Spain ‘82 — Dad, why don’t Ireland have a football team?

Mexico ‘86 — The Hand Of God! Ha ha ha!

Italia ‘90 — Wow! Ireland! The new Brazil!

USA ‘94 — Actually, we’re not really the new Brazil. Scoops?

France ‘98 — No real memories (college).

Korea Japan ‘02— Civil war! Justice for Keano! At last, socially acceptable to drink before 8am!

Germany ‘06 — Ah Jaysus, Zizou...

South Africa ‘10 — Meh.

But unlike Ireland in Saipan, I’ve never felt more prepared for a World Cup. I’m primed, hungry, ready for action. The barbeque is all fired up. All traces of fruit and vegetables have been removed from the premises and destroyed. I’ve stockpiled enough craft beers to fuel a Pogues reunion tour. And all distracting weekend sojourns out of Dublin have received a five-week ban. This is most definitely ON.
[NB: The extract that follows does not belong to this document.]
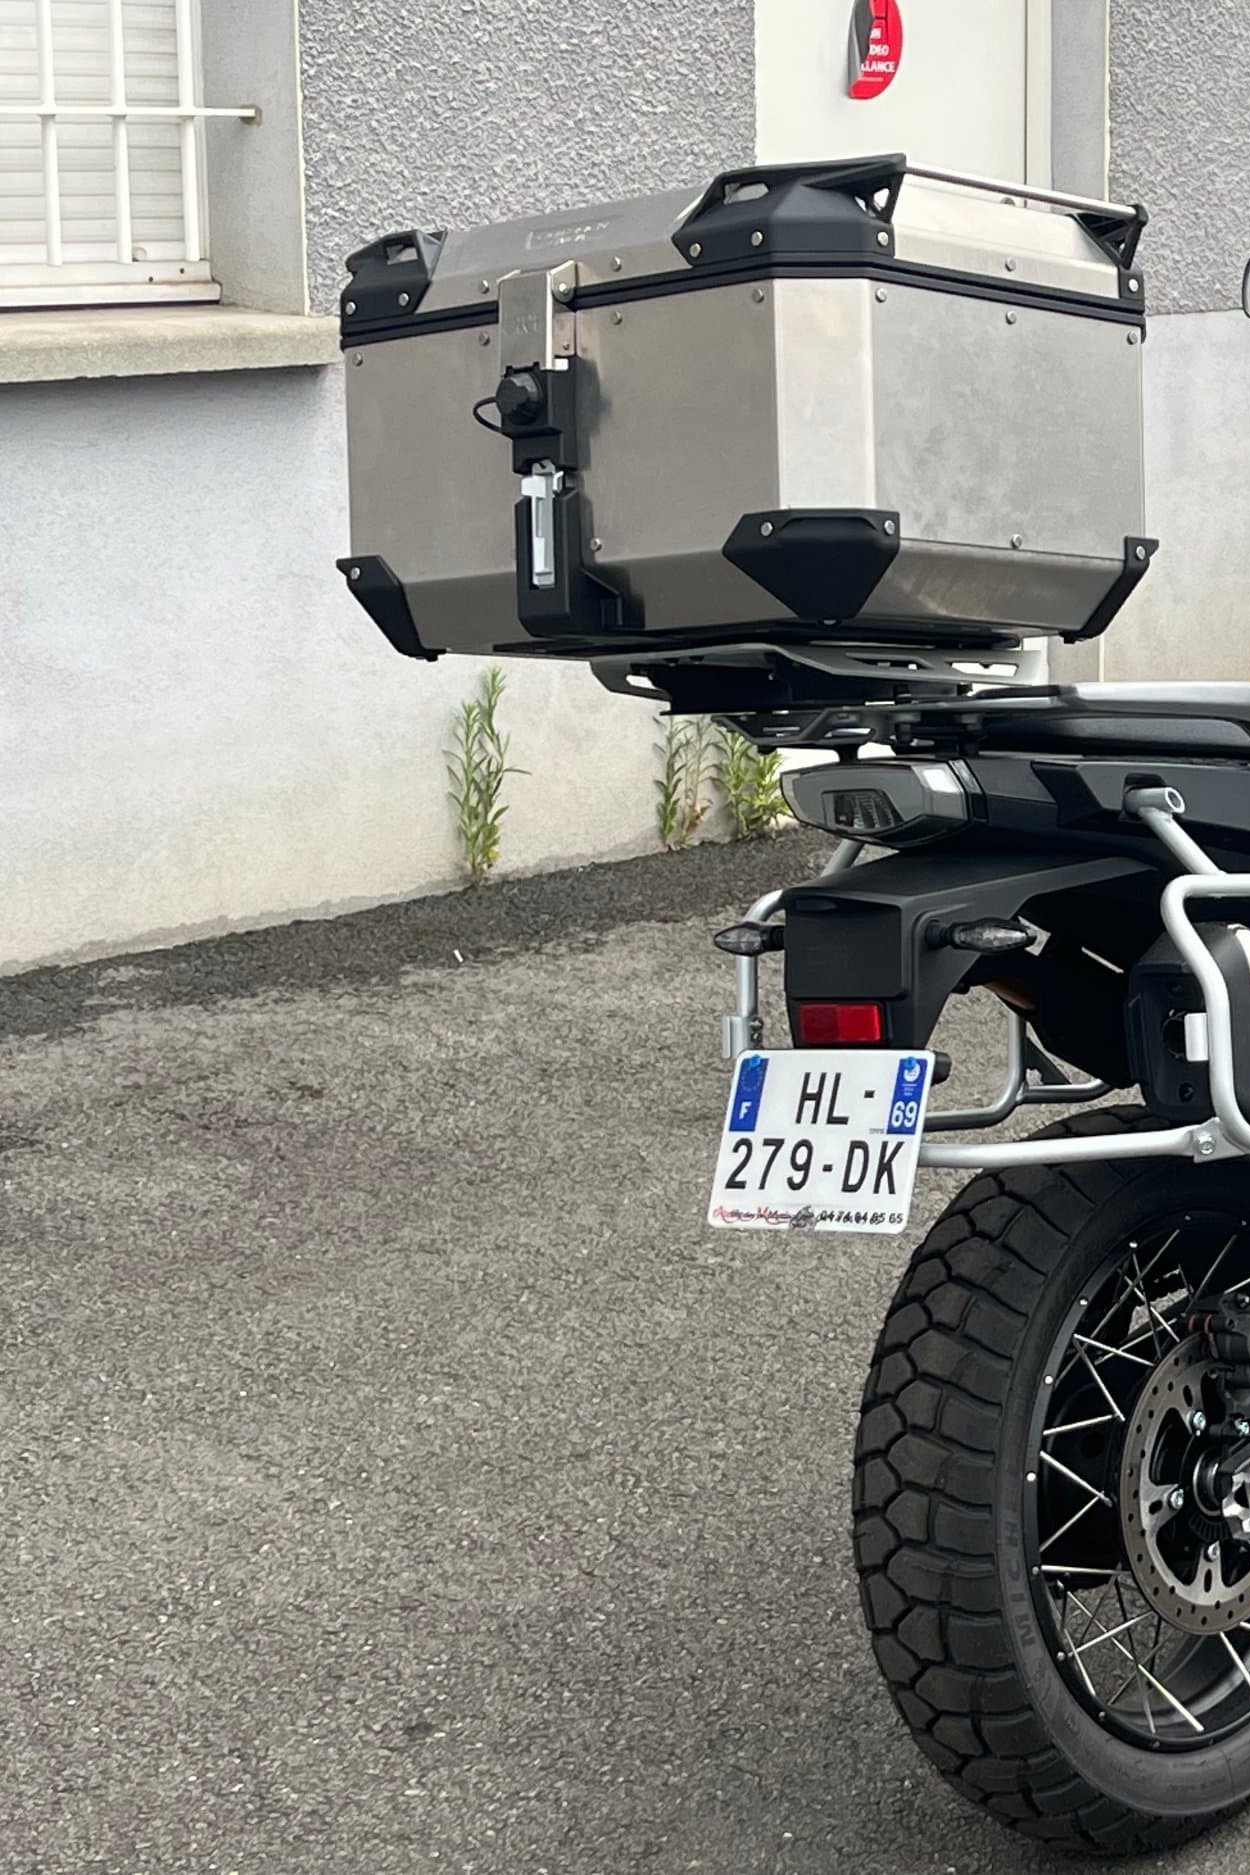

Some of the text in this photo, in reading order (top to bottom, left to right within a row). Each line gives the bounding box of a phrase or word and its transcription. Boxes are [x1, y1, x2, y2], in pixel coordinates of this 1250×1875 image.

[739, 1101, 752, 1120] F
[891, 1101, 918, 1128] 69
[725, 1138, 905, 1195] 279-DK
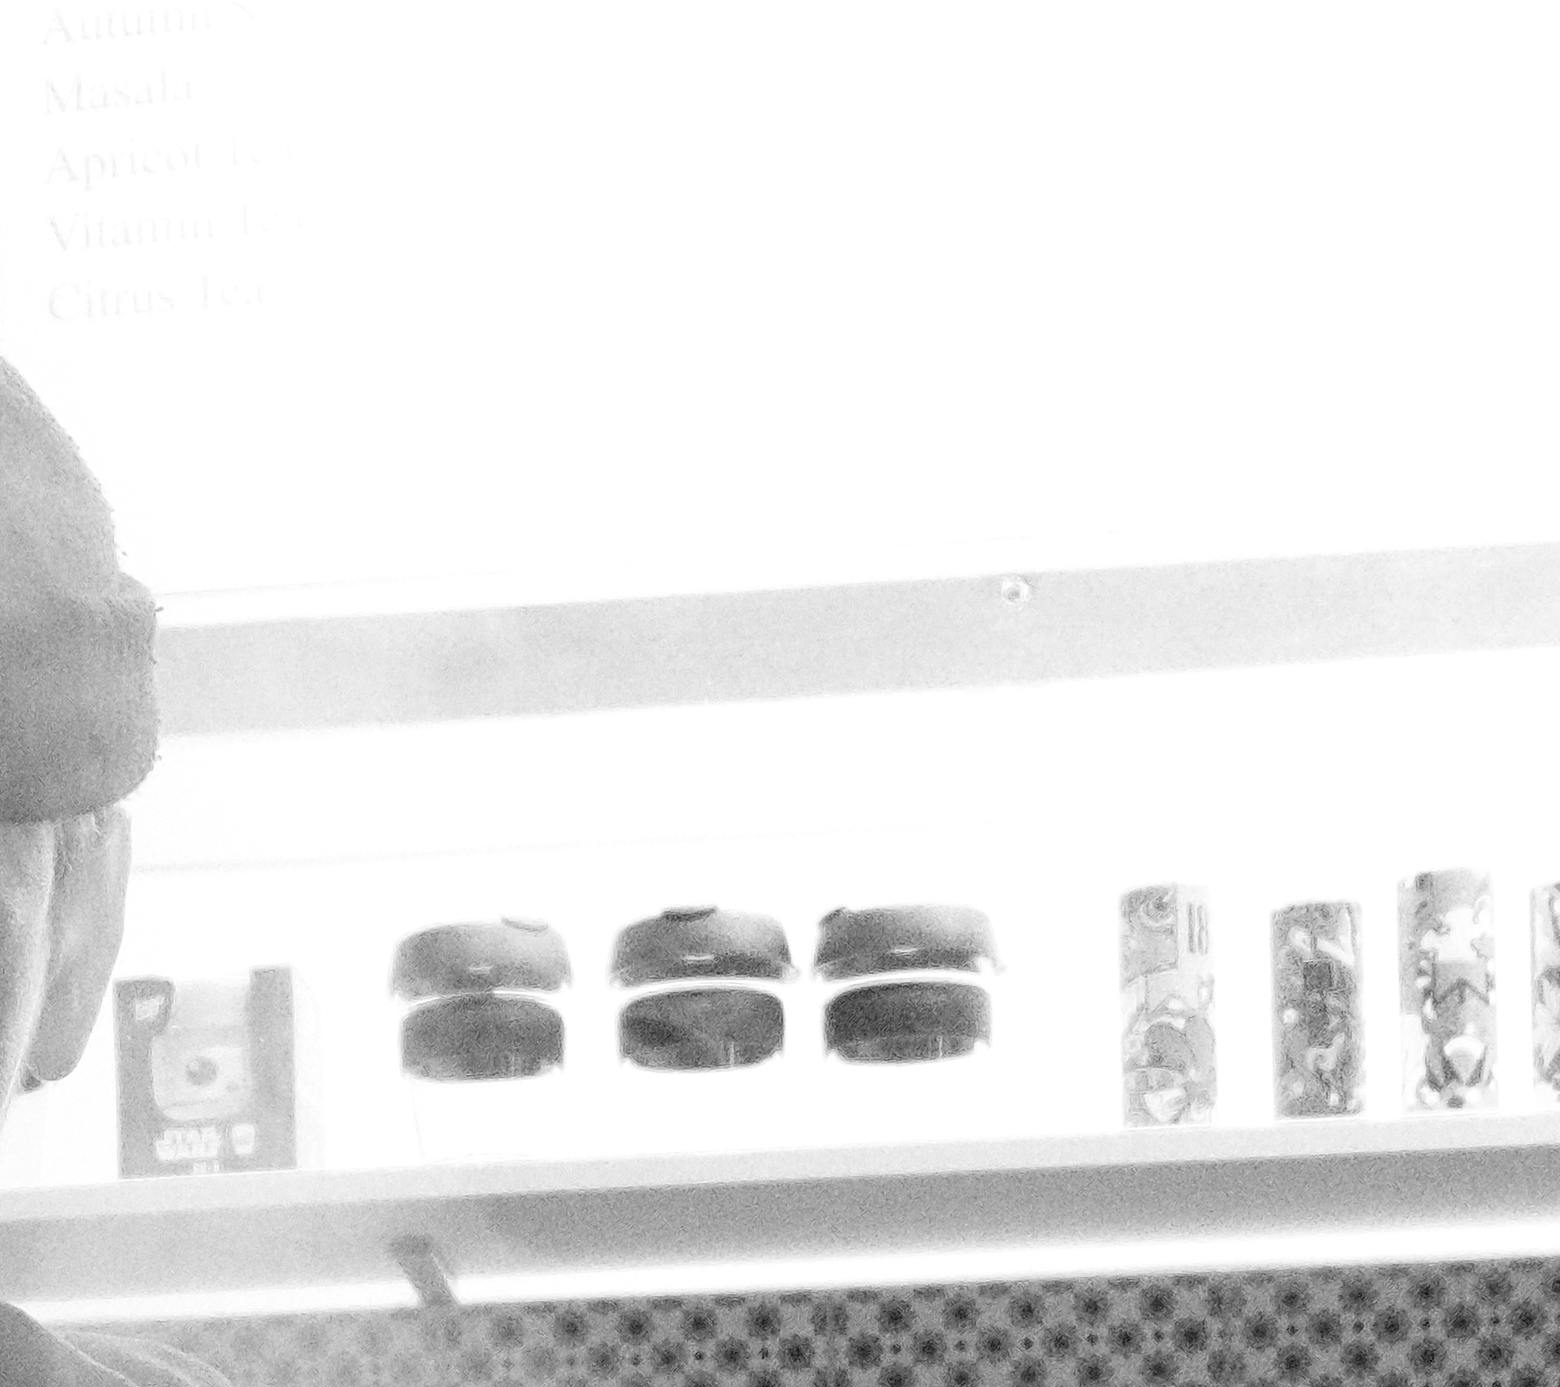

Maybe it’s my age. See, there are very few occasions in the life of a thirtysomething when it is acceptable to basically behave like an idiot for such a prolonged period. For most people at this time of life, it’s all about home insurance comparison sites, removing bodily hair from the most unexpected places and basically planning for your death. But, every four years, the World Cup comes along and makes it ok to become sort of infantilised, at least for the period of a month. It’s perfectly okay to wear outsized bermuda shorts. It’s completely acceptable to engage in mild bouts of casual racism like “Those Japanese lads look and play like computer game avatars. Ha ha!” And it’s absolutely grand to resort to extended periods of ape-like grunting in the corner of the living room for absolutely no reason. I often think of the World Cup as some sort of large-scale, international mid-life crisis release valve, with lots of product placement. It’s probably why we don’t have so many wars anymore or quite possibly why we could do with a big one.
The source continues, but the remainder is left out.